- [Material for this task]:
• • •

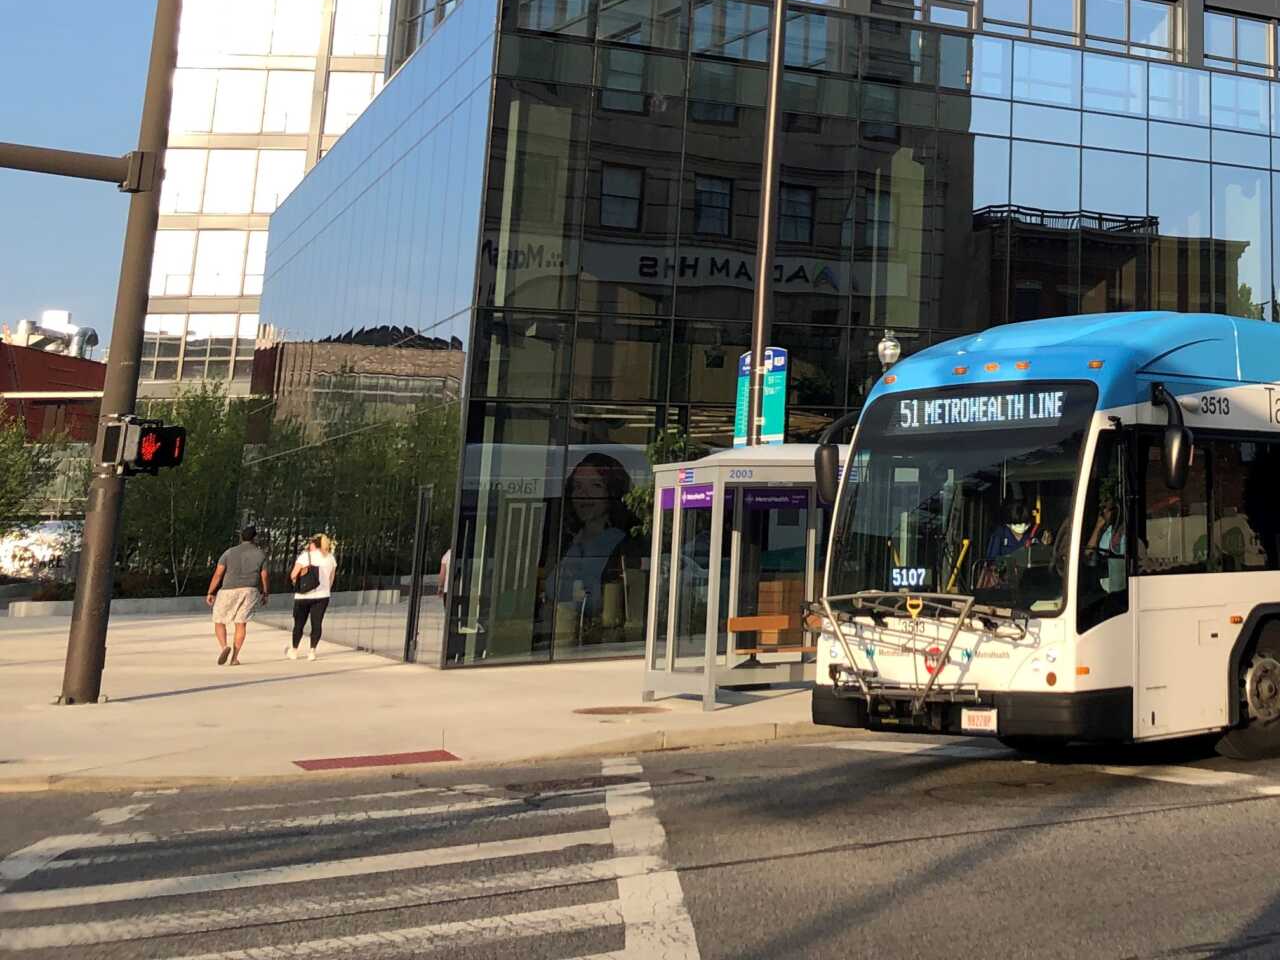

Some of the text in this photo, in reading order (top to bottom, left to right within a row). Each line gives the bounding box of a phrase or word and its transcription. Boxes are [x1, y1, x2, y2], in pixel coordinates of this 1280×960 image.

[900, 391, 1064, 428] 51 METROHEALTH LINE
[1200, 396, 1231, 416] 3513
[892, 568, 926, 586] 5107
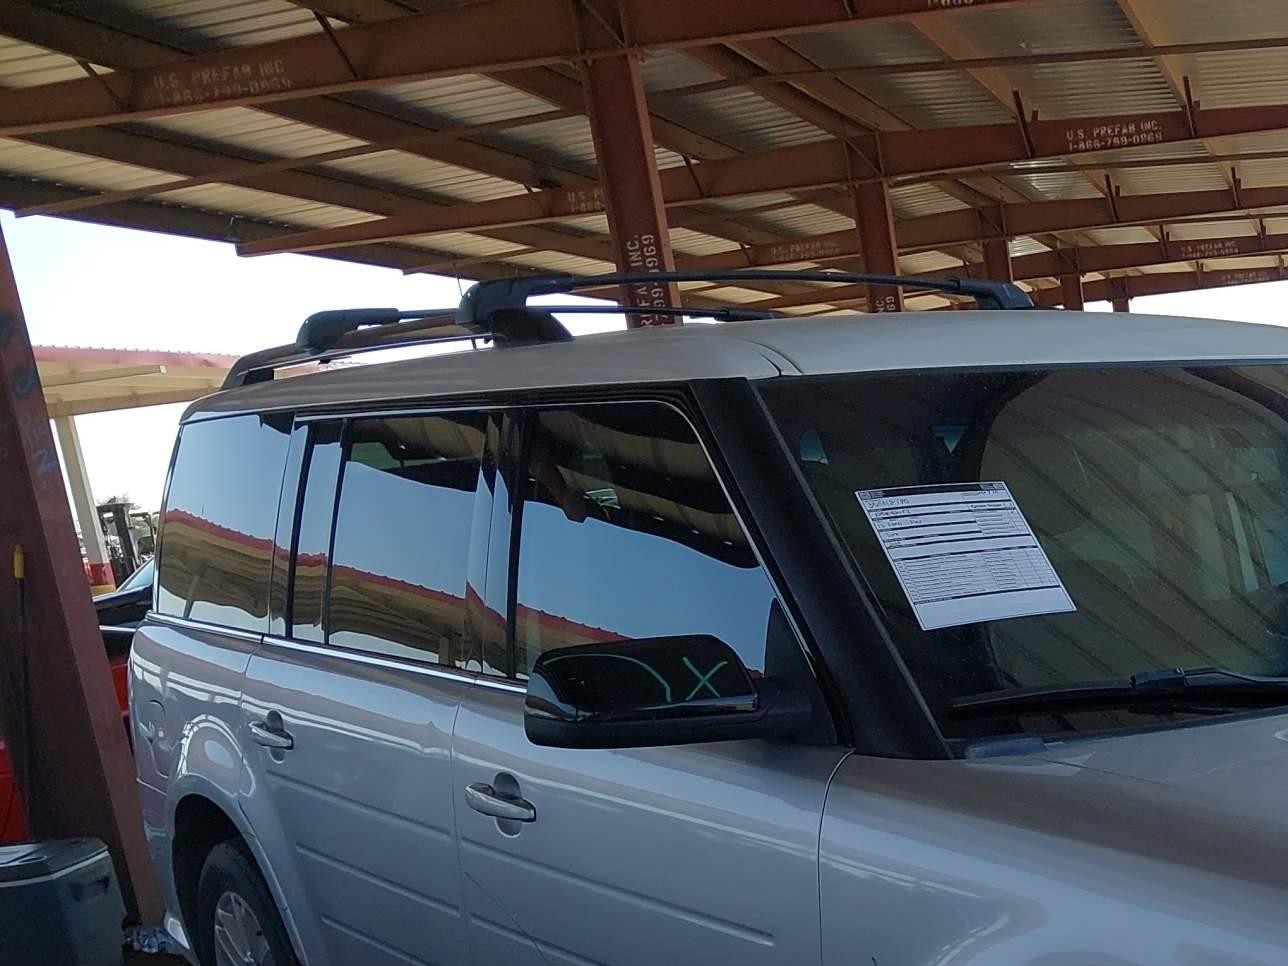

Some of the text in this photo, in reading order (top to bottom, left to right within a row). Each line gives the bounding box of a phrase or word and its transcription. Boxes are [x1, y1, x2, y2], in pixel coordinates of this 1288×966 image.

• • •

- [Required action]: Retype the records above exactly. Leave the pictures out.

- [Output below]:
Some of the text in this photo, in reading order (top to bottom, left to right within a row). Each line gives the bounding box of a phrase or word and its transcription. Boxes are [x1, y1, x2, y2], in pixel coordinates of this 1280×960 image.

[900, 391, 1064, 428] 51 METROHEALTH LINE
[1200, 396, 1231, 416] 3513
[892, 568, 926, 586] 5107

Some of the text in this photo, in reading order (top to bottom, left to right within a row). Each line gives the bounding box of a phrase or word and its transcription. Boxes are [x1, y1, x2, y2], in pixel coordinates of this 1288×966 image.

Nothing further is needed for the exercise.